___ DATA PROVIDED

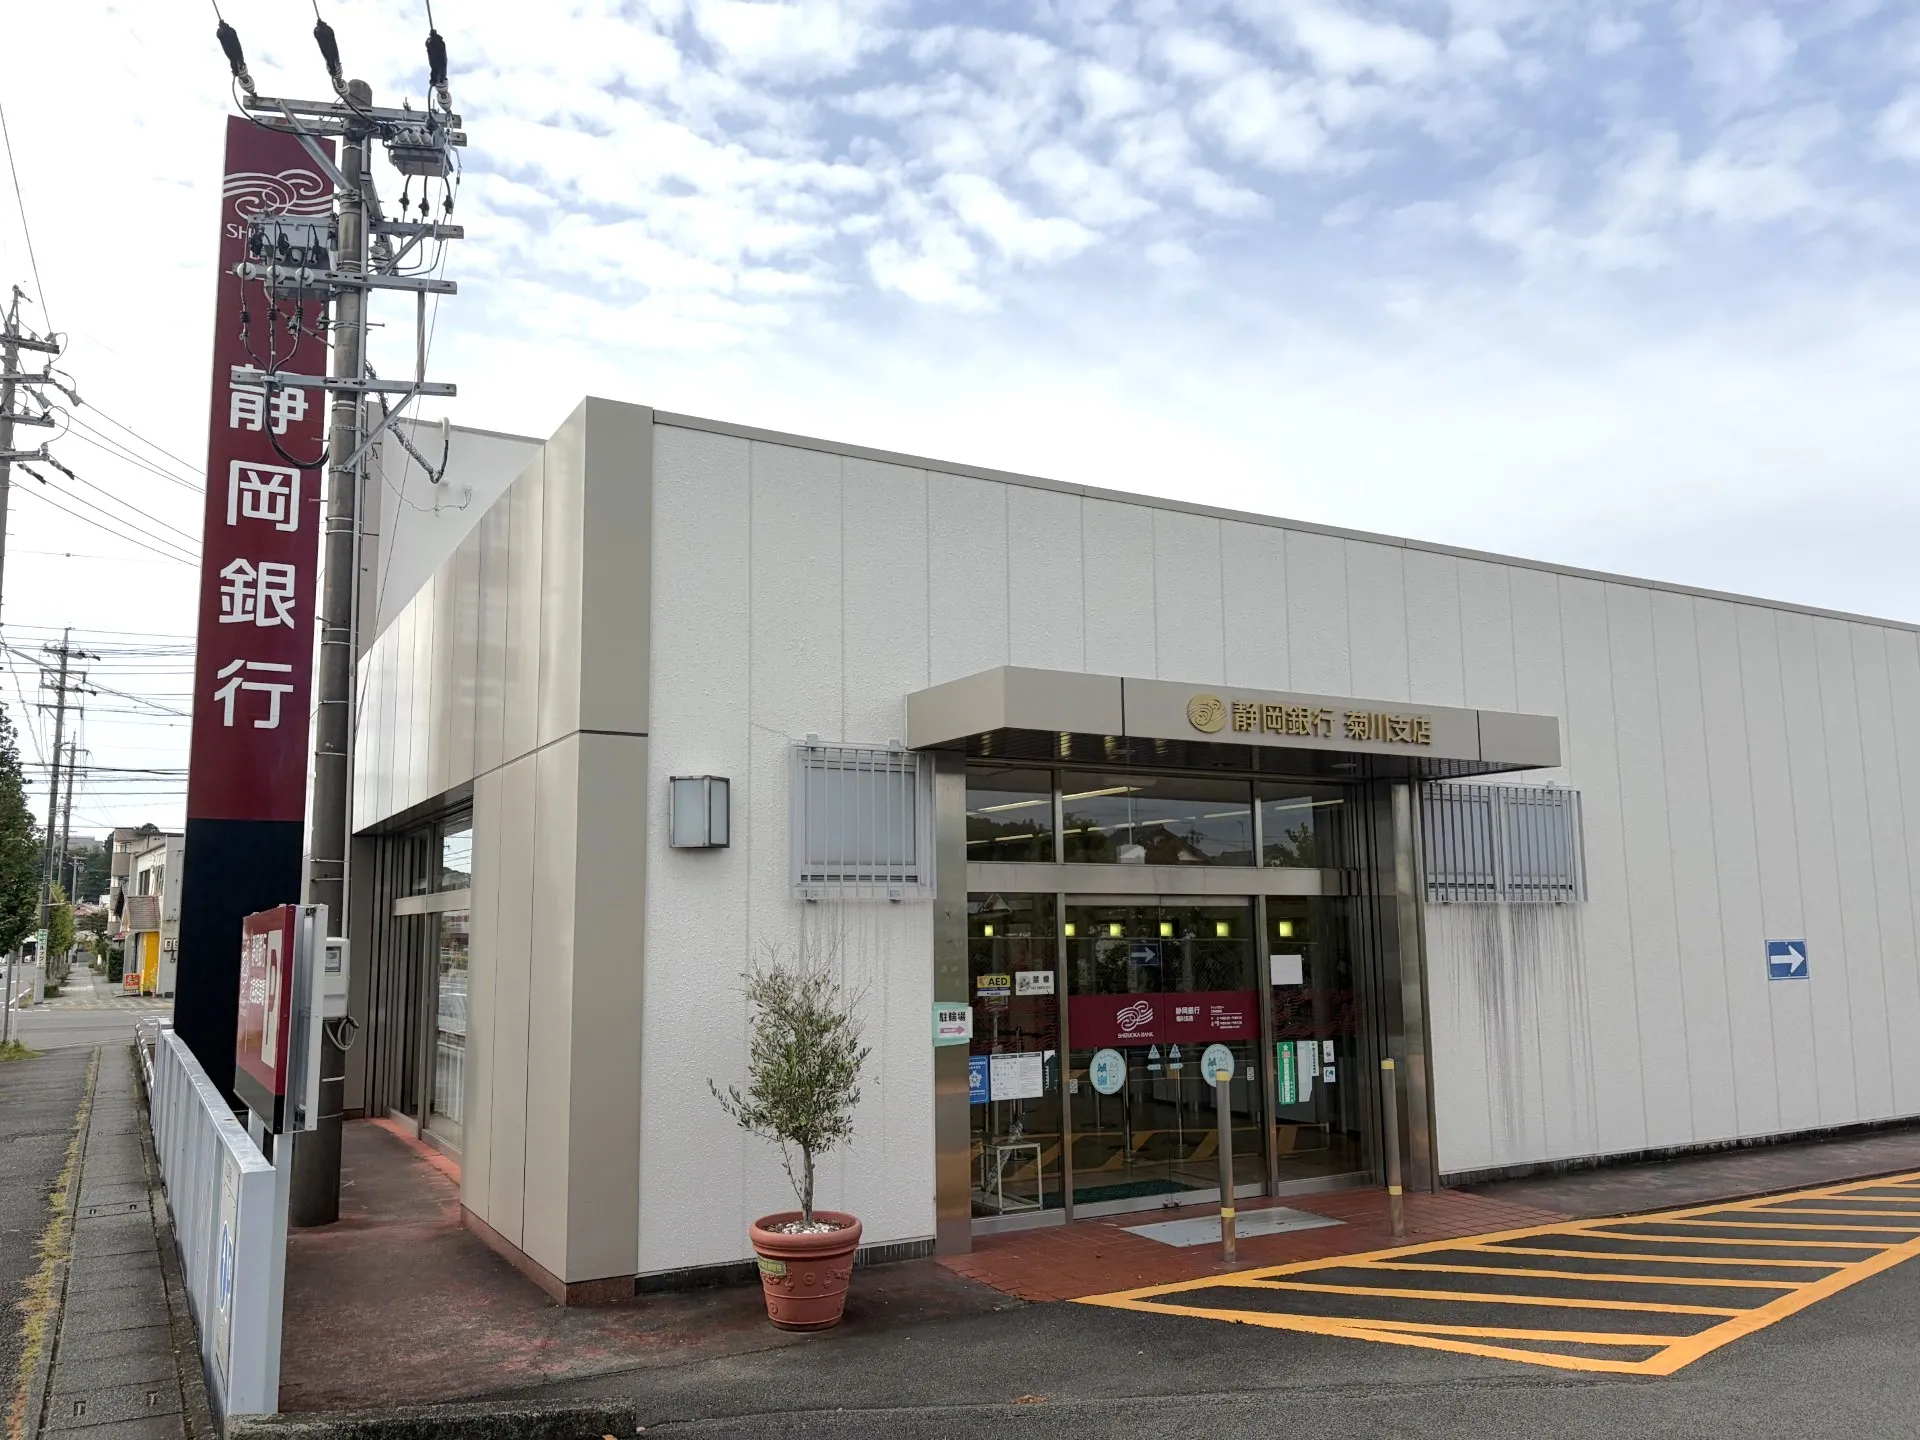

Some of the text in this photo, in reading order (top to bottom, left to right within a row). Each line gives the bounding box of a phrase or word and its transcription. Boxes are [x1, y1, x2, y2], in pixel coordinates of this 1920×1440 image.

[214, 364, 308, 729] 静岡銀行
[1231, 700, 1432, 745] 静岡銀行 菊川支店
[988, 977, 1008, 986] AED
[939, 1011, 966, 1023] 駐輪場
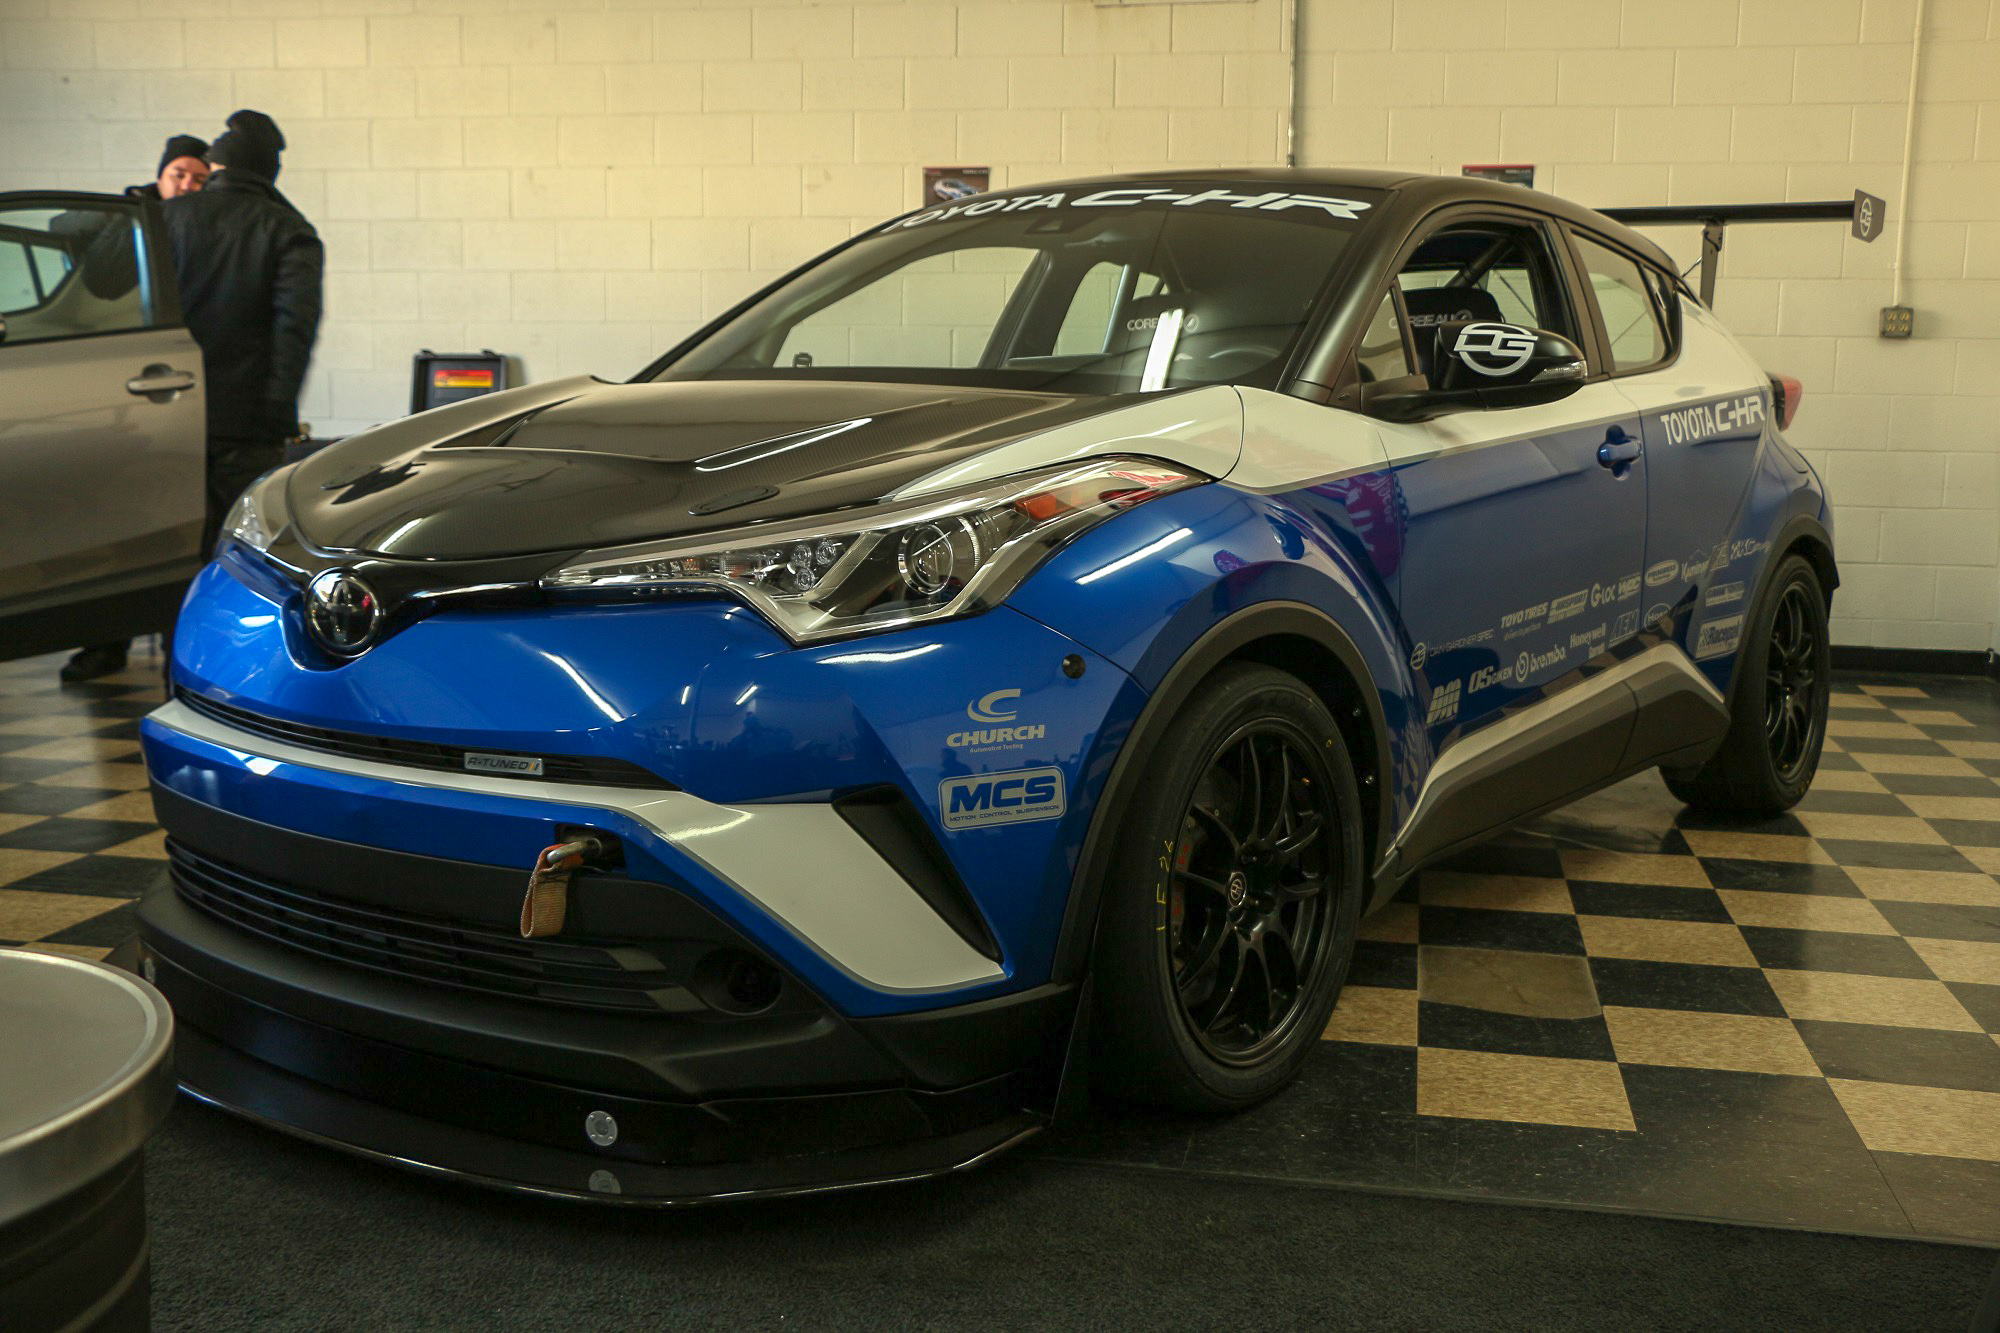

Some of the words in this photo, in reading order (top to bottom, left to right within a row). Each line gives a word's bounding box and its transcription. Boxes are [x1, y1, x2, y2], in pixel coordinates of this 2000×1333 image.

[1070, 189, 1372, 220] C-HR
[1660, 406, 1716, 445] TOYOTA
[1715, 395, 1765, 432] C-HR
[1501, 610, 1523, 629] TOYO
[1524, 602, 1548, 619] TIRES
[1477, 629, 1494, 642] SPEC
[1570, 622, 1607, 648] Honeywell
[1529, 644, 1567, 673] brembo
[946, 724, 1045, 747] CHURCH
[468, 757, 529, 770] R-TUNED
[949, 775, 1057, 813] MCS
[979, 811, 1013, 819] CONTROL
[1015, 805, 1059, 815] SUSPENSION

______

*GOAL OF THE EXERCISE*. Only the text of the records above is to be reproduced, exactly as given; the pictures are dropped.

*SOLUTION FOR THIS EXERCISE*.
Some of the text in this photo, in reading order (top to bottom, left to right within a row). Each line gives the bounding box of a phrase or word and its transcription. Boxes are [x1, y1, x2, y2], in pixel coordinates of this 1920×1440 image.

[214, 364, 308, 729] 静岡銀行
[1231, 700, 1432, 745] 静岡銀行 菊川支店
[988, 977, 1008, 986] AED
[939, 1011, 966, 1023] 駐輪場

Some of the words in this photo, in reading order (top to bottom, left to right within a row). Each line gives a word's bounding box and its transcription. Boxes are [x1, y1, x2, y2], in pixel coordinates of this 2000×1333 image.

[1070, 189, 1372, 220] C-HR
[1660, 406, 1716, 445] TOYOTA
[1715, 395, 1765, 432] C-HR
[1501, 610, 1523, 629] TOYO
[1524, 602, 1548, 619] TIRES
[1477, 629, 1494, 642] SPEC
[1570, 622, 1607, 648] Honeywell
[1529, 644, 1567, 673] brembo
[946, 724, 1045, 747] CHURCH
[468, 757, 529, 770] R-TUNED
[949, 775, 1057, 813] MCS
[979, 811, 1013, 819] CONTROL
[1015, 805, 1059, 815] SUSPENSION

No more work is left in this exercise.